L’Italia è il Paese dell’arte, dell’amore, del buon bere e del buon cibo ma anche della tradizione e degli incontri. Così quando menti intraprendenti si incrociano generano idee e alcune di queste si guardano, si annusano, si assaporano. Nell’area vulcanica limitrofa al Parco Regionale di Roccamorfina, nota anche per la qualità dell’acqua sorgiva in Campania, al confine con Lazio e Molise si erge lo stabilimento Sorì Italia Mozzarella di Bufala Campana DOP. Si tratta di un sogno giunto alla sesta generazione realizzato da uomini che si sono passati il testimone e da utopisti sono diventati registi della loro esistenza e di quella delle generazioni successive. Grazie alle loro visioni è possibile allietare naso e palato con mozzarelle di bufale e di vacche, ricotte, burrate che oggi raggiungono oltre 60 paesi dove possono essere degustate. Un pezzetto di sapore nel mondo tutto italiano realizzato in modo artigianale.
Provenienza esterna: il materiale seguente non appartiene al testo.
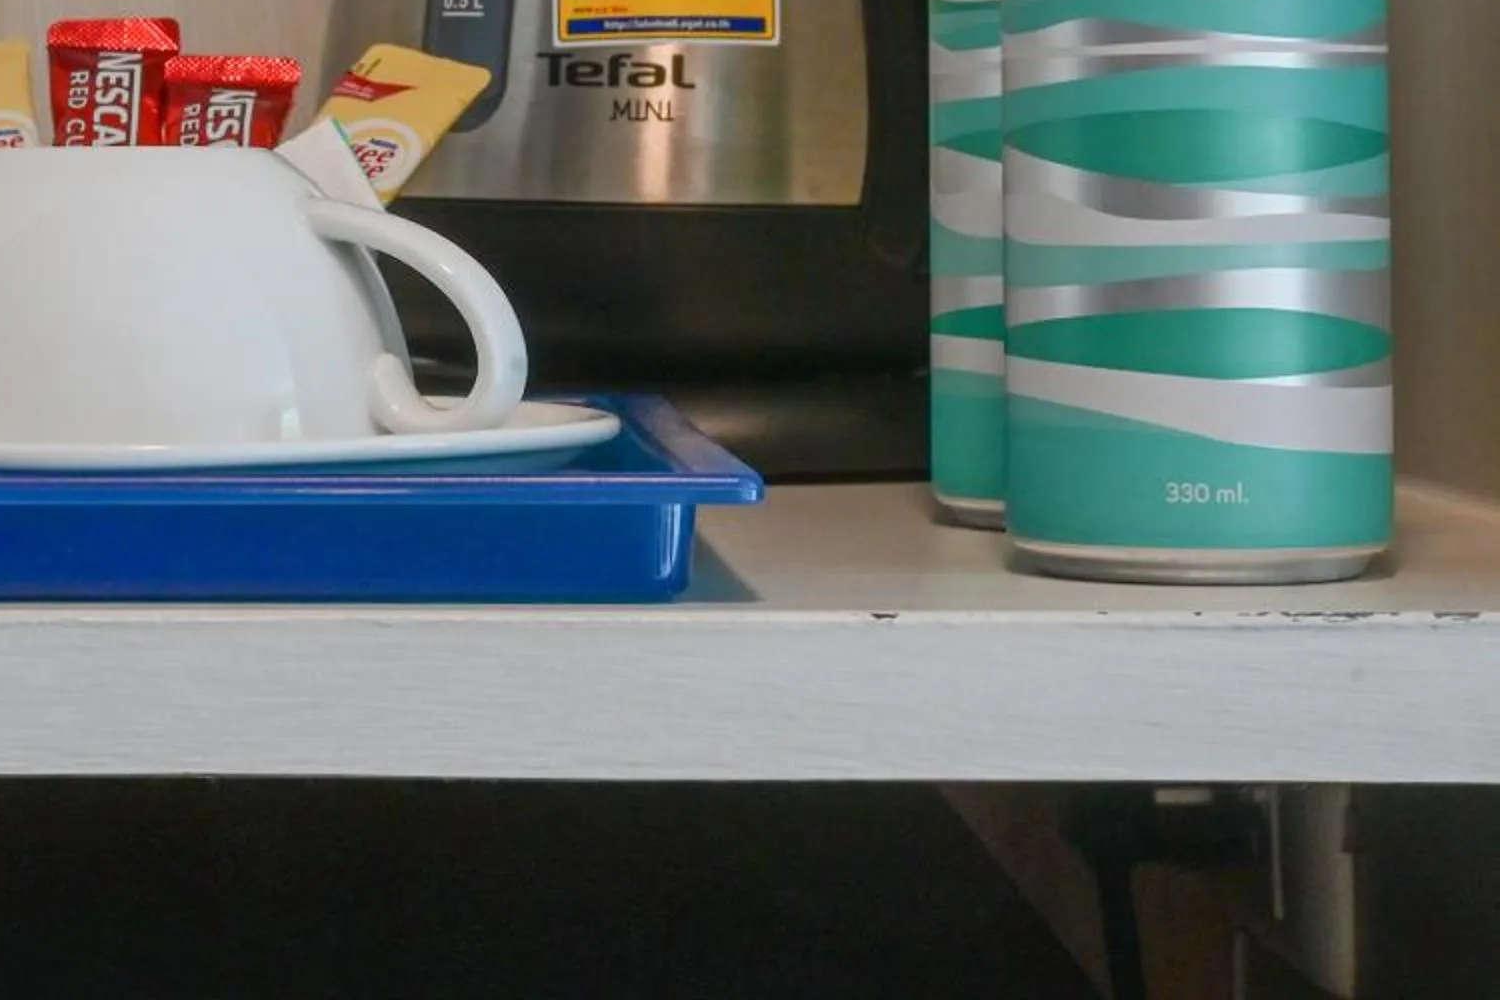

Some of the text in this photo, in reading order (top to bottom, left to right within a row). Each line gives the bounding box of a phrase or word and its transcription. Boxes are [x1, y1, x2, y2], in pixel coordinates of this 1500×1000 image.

[538, 53, 695, 90] Tefal
[68, 71, 89, 109] RED
[609, 101, 674, 121] MINI
[1165, 481, 1250, 504] 330 ml.
Recentemente una new entry Bella, dal basso contenuto di umidità realizzata per rendere la pizza ancora più “bella” grazie alla capacità, durante la cottura, di mantenere la struttura e la consistenza del prodotto senza rilasciare liquidi. La nuova mozzarella nasce proprio dall’esigenza dei maestri pizzaioli di utilizzare un ingrediente funzionale alla preparazione della pizza lasciando il cliente soddisfatto. Il primo ad aver abbracciato questa consapevolezza è Ciro Salvo, re della pizza. Dietro il progetto? Gaetano e Antonello Salvo assieme al direttore commerciale Giovanni Boncompagni.
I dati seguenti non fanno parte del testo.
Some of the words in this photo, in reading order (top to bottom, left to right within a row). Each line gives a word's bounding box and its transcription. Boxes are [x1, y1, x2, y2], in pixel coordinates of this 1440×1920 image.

Ecco cosa dichiara Ciro Salvo, maestro pizzaiolo di 50 Kalò “La collaborazione con Sorì nasce con l’intento di creare una mozzarella di bufala che rappresentasse per noi pizzaioli un valore aggiunto e non un problema. Con “Bella” vogliamo rendere omaggio alla tradizione gastronomica campana, valorizzando insieme la pizza e la mozzarella di bufala. Grazie a un bellissimo lavoro di squadra, dove ognuno ha messo a disposizione le proprie conoscenze, abbiamo reso possibile l’incontro tra le due regine del nostro territorio, dando vita a un prodotto dalla consistenza e filatura ottimale, in grado di soddisfare tanto le esigenze dei maestri pizzaioli quanto i palati dei consumatori”.
E se tra le parole italiane più conosciute al mondo sono presenti pizza e bella… Ora abbiamo davvero una BELLA PIZZA tutta da ammirare, riconoscere e addentare.